Learning all this gave me more than somewhat to pause.  I had a link.  I had an email address.  And I had what amounted to (or possibly what had developed into) an old debt.  I thought about it a lot on Friday, trying to make up my mind what to do.  What, after all this silence, would I say if I did write?  Lots of things came to mind, but life has a tendency to get in one’s way when introspection is required.  Also, subconsciously, I think perhaps that I was afraid of what he’d say.  No one enjoys rejection, even if it is deserved.

So I decided to sleep on it a while, let it percolate, so to speak.  I had a very busy weekend ahead, lots of physical activity and chores around the house.  Saturday I went with Doris yard-sale-ing, and we found lots of good stuff.  I got an electric weed eater for five bucks, a replacement for the gas-powered model that had finked out on me back in the spring.  Spent some of the day weed-eating and some mowing, ending up with the realization that I needed to buy a rake, since our old rake had broken.  I headed over to Big Lots to look for a rake.

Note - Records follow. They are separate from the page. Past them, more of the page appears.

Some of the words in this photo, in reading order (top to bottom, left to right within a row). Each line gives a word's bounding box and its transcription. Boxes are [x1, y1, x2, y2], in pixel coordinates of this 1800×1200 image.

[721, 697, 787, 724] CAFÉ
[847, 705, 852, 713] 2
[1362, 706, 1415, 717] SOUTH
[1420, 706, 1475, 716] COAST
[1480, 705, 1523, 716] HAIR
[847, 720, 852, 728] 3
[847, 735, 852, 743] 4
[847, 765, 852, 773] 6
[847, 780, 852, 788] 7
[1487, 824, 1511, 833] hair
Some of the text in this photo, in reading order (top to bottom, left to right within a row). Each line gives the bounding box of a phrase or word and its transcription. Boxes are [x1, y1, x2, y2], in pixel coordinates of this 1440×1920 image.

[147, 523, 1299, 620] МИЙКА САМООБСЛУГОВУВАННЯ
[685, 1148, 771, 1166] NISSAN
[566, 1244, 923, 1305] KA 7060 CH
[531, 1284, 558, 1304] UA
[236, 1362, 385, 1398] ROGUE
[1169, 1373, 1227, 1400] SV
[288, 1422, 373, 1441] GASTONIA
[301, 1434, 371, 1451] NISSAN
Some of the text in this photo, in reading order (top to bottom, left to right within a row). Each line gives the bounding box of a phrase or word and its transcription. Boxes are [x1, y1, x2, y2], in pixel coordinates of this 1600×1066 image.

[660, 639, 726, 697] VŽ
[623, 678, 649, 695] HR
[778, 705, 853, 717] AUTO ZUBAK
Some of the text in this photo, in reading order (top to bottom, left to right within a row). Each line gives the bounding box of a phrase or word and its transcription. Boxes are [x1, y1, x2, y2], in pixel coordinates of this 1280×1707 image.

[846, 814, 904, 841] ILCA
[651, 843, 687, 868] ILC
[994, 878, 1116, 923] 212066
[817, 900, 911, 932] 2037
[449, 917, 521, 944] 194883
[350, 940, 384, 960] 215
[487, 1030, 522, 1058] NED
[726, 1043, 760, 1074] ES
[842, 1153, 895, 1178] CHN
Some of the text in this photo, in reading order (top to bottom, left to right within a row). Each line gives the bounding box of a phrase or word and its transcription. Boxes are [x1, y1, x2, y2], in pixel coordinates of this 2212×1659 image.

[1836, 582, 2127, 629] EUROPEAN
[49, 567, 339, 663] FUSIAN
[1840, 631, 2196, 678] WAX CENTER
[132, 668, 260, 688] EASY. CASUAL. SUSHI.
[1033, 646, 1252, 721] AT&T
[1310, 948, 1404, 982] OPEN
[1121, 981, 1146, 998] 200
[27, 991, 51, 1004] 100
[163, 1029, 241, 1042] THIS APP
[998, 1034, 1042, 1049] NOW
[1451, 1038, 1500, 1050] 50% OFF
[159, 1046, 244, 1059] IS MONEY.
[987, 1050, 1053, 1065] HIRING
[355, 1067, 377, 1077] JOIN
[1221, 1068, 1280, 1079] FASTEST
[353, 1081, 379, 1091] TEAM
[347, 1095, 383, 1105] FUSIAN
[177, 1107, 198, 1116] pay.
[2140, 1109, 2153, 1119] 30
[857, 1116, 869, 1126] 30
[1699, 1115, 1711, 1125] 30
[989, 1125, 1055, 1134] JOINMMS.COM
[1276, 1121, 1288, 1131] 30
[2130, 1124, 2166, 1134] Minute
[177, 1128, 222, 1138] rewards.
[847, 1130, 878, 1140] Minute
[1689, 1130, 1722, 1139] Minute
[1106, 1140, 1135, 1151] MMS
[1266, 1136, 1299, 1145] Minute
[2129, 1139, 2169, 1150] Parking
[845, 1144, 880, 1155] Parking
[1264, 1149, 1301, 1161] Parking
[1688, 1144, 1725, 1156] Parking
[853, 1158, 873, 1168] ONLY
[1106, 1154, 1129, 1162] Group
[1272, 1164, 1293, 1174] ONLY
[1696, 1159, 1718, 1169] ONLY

They didn’t have one.  Rakes, they informed me, are a seasonal item, and it is no longer Autumn, in retail terms.  Funny, looked to me as if most of the leaves were still on the trees.  Oh, well, guess I’ll have to go to Lowe’s.  So I head back to the front of the store, and practically run into Kris.

No kidding.

I didn’t recognize him immediately.  He didn’t recognize me at all.  I had a full beard, lots of bushy hair, and contact lenses in college, so it’s not his fault.  But I got a couple of aisles down and it hit me:  that’s Kris.  I turned around and went back, found him, spoke, and …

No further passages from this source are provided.